## Exercise material:
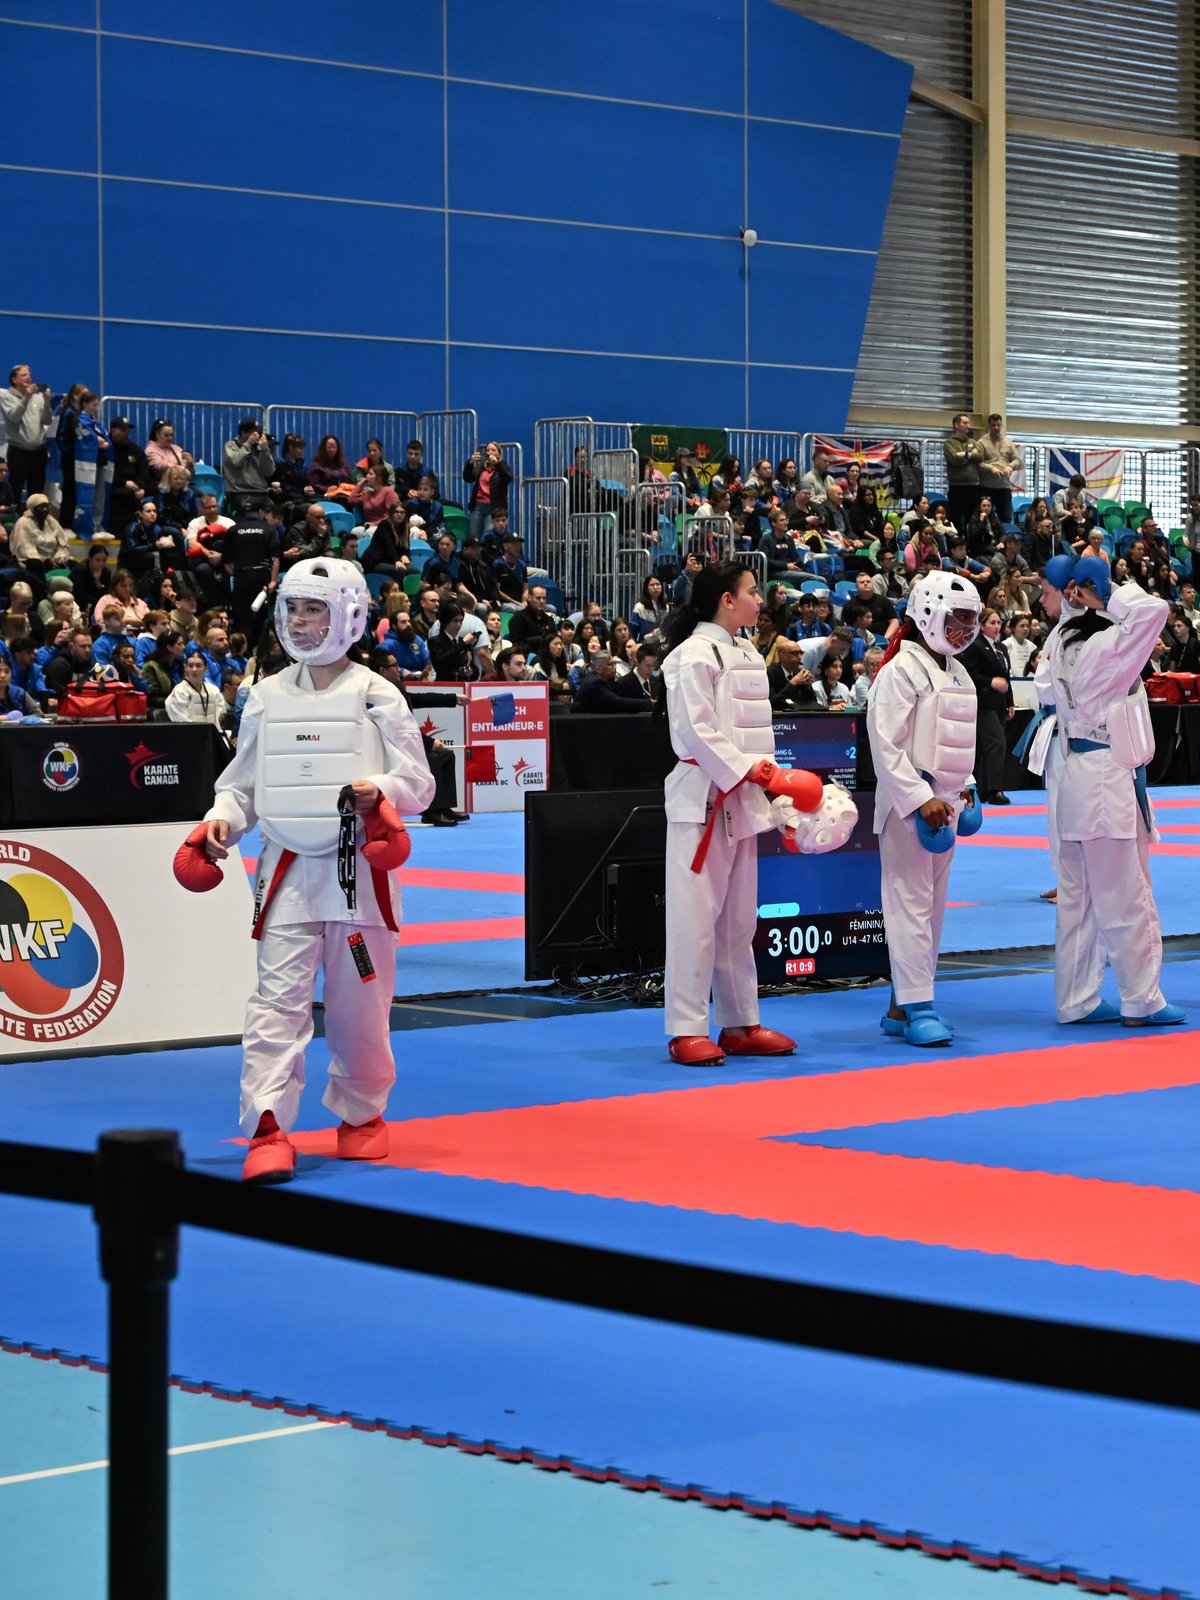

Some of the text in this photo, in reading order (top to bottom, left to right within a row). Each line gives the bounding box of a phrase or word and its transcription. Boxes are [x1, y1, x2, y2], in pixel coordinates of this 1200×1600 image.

[850, 722, 856, 734] 1
[50, 761, 72, 772] WKF
[143, 765, 179, 775] KARATE
[144, 775, 179, 786] CANADA
[842, 936, 857, 946] U14
[859, 935, 871, 944] -47
[873, 933, 883, 943] KG
[785, 961, 813, 973] R1 0:9
[0, 979, 118, 1040] TE FEDERATION
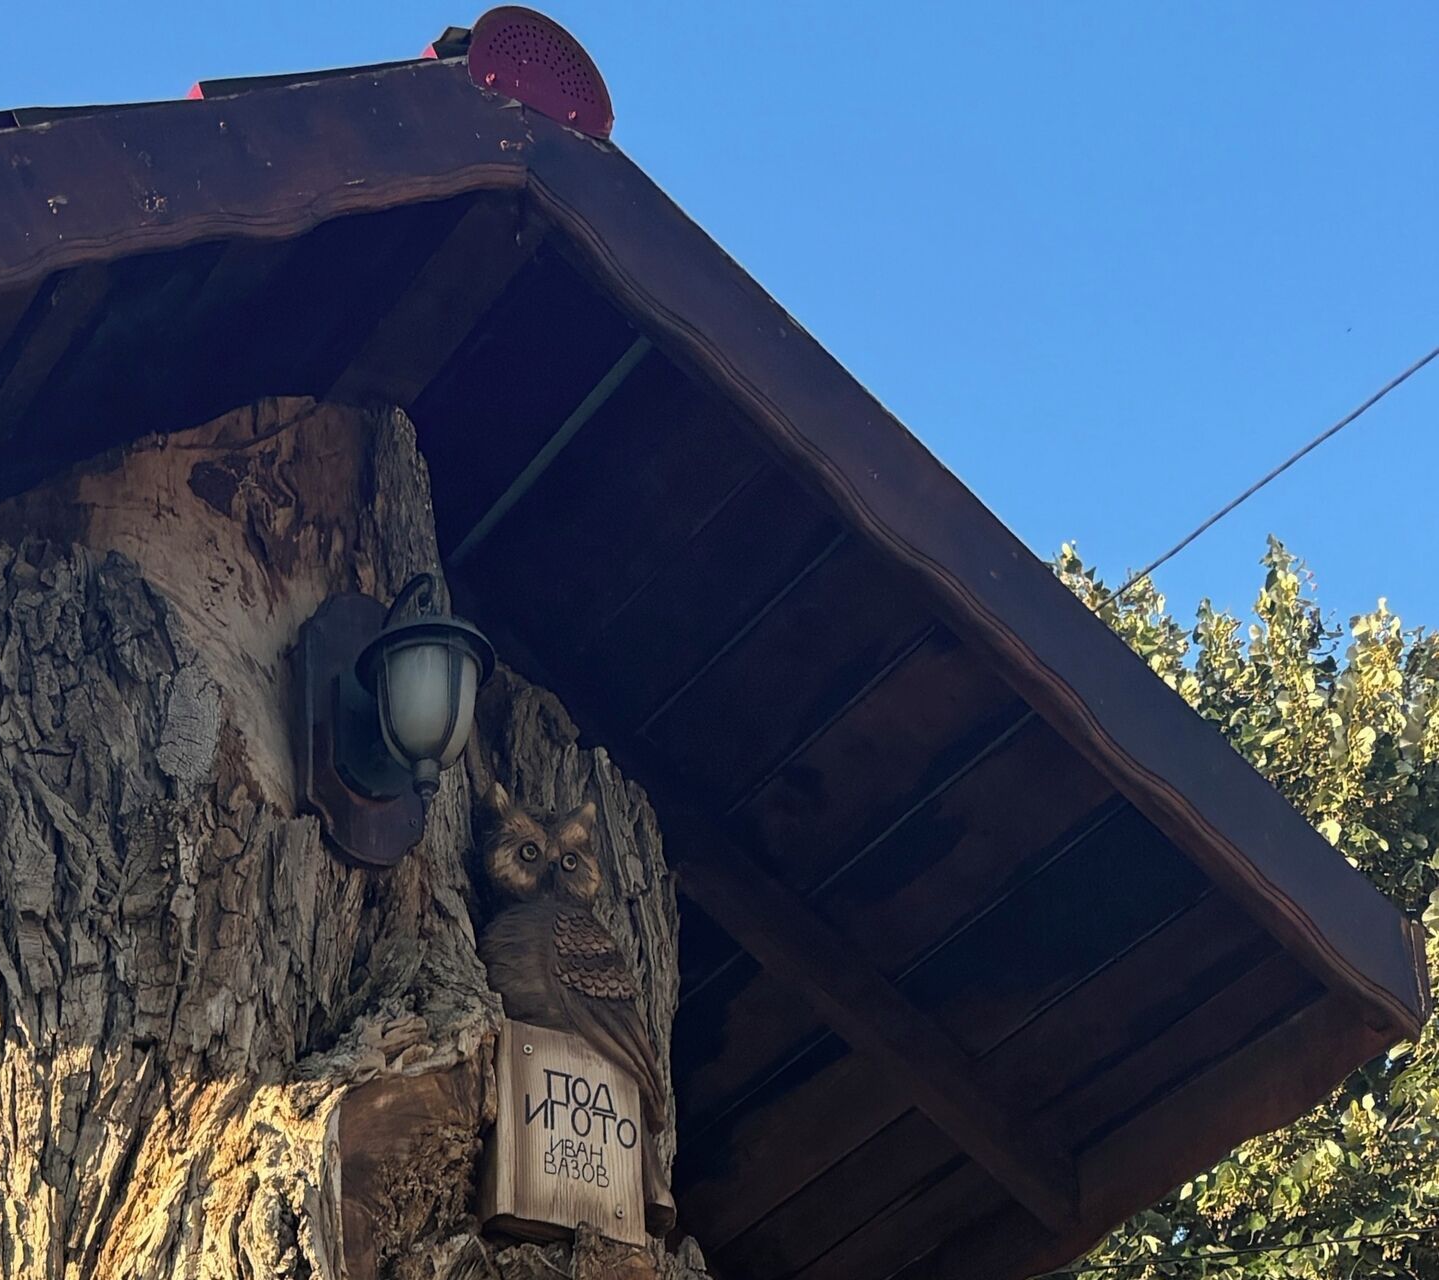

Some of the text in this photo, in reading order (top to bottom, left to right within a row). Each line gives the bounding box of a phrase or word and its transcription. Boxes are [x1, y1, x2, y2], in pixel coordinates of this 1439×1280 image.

## Your objective:
The answer must repeat every record exactly, with all pictures left out.

## Exercise answer:
Some of the text in this photo, in reading order (top to bottom, left to right within a row). Each line gives the bounding box of a phrase or word and its transcription. Boxes are [x1, y1, x2, y2], in pixel coordinates of this 1200×1600 image.

[850, 722, 856, 734] 1
[50, 761, 72, 772] WKF
[143, 765, 179, 775] KARATE
[144, 775, 179, 786] CANADA
[842, 936, 857, 946] U14
[859, 935, 871, 944] -47
[873, 933, 883, 943] KG
[785, 961, 813, 973] R1 0:9
[0, 979, 118, 1040] TE FEDERATION

Some of the text in this photo, in reading order (top to bottom, left to right within a row). Each line gives the bounding box of a phrase or word and its transcription. Boxes are [x1, y1, x2, y2], in pixel coordinates of this 1439×1280 image.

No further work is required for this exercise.